You can solve this problem by providing a business service framework for
your application (There has been a lot of talk about this sort of thing
on this list...I can't think of a particular thread to reference for you
so you may just want to go through the archives). My approach to this
problem has been to create a set of very coarse grained business service
components (ours is an ecommerce system so we have components like the
following: one for cataloging, one for requisitioning, one for order
services, and etc...), where each component provides a public API that
mirrors the "use-cases" one-to-one (for the most part).
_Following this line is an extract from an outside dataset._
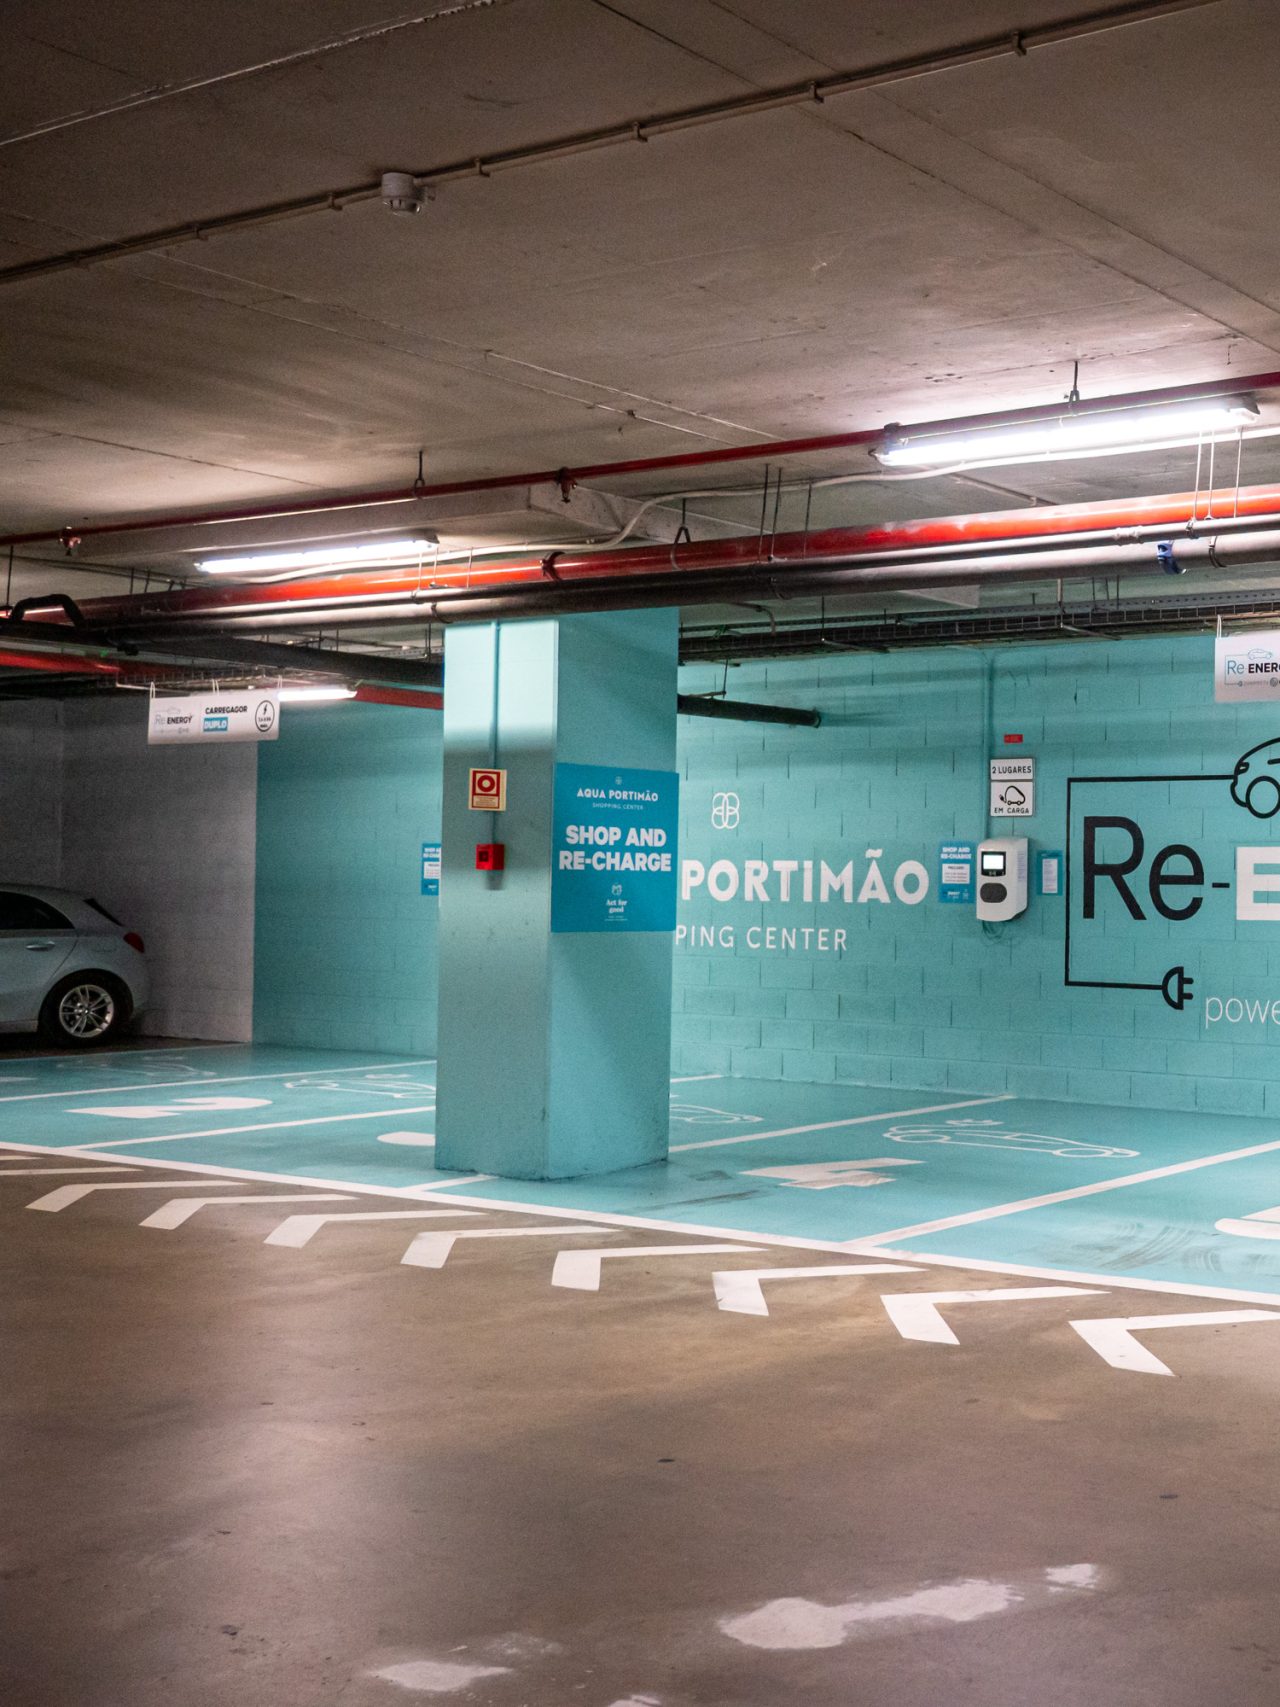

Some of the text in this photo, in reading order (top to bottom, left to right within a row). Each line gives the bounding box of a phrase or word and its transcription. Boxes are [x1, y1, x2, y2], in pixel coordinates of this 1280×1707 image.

I think you will
find that the top level "use-cases" defined for your system provide
natural scoping boundaries for your transactions, and resource
management in general.

This approach will leave you with a set of re-usable business components
that are not tied to struts and/or the servlet paradigm. Also, this API
provides an abstraction that will allow you to hide complexity from your
struts actions (or whatever else uses the API). For example, the
component you expose could be a facade to an EJB Session bean
(http://java.sun.com/blueprints/corej2eepatterns/Patterns/SessionFacade.html).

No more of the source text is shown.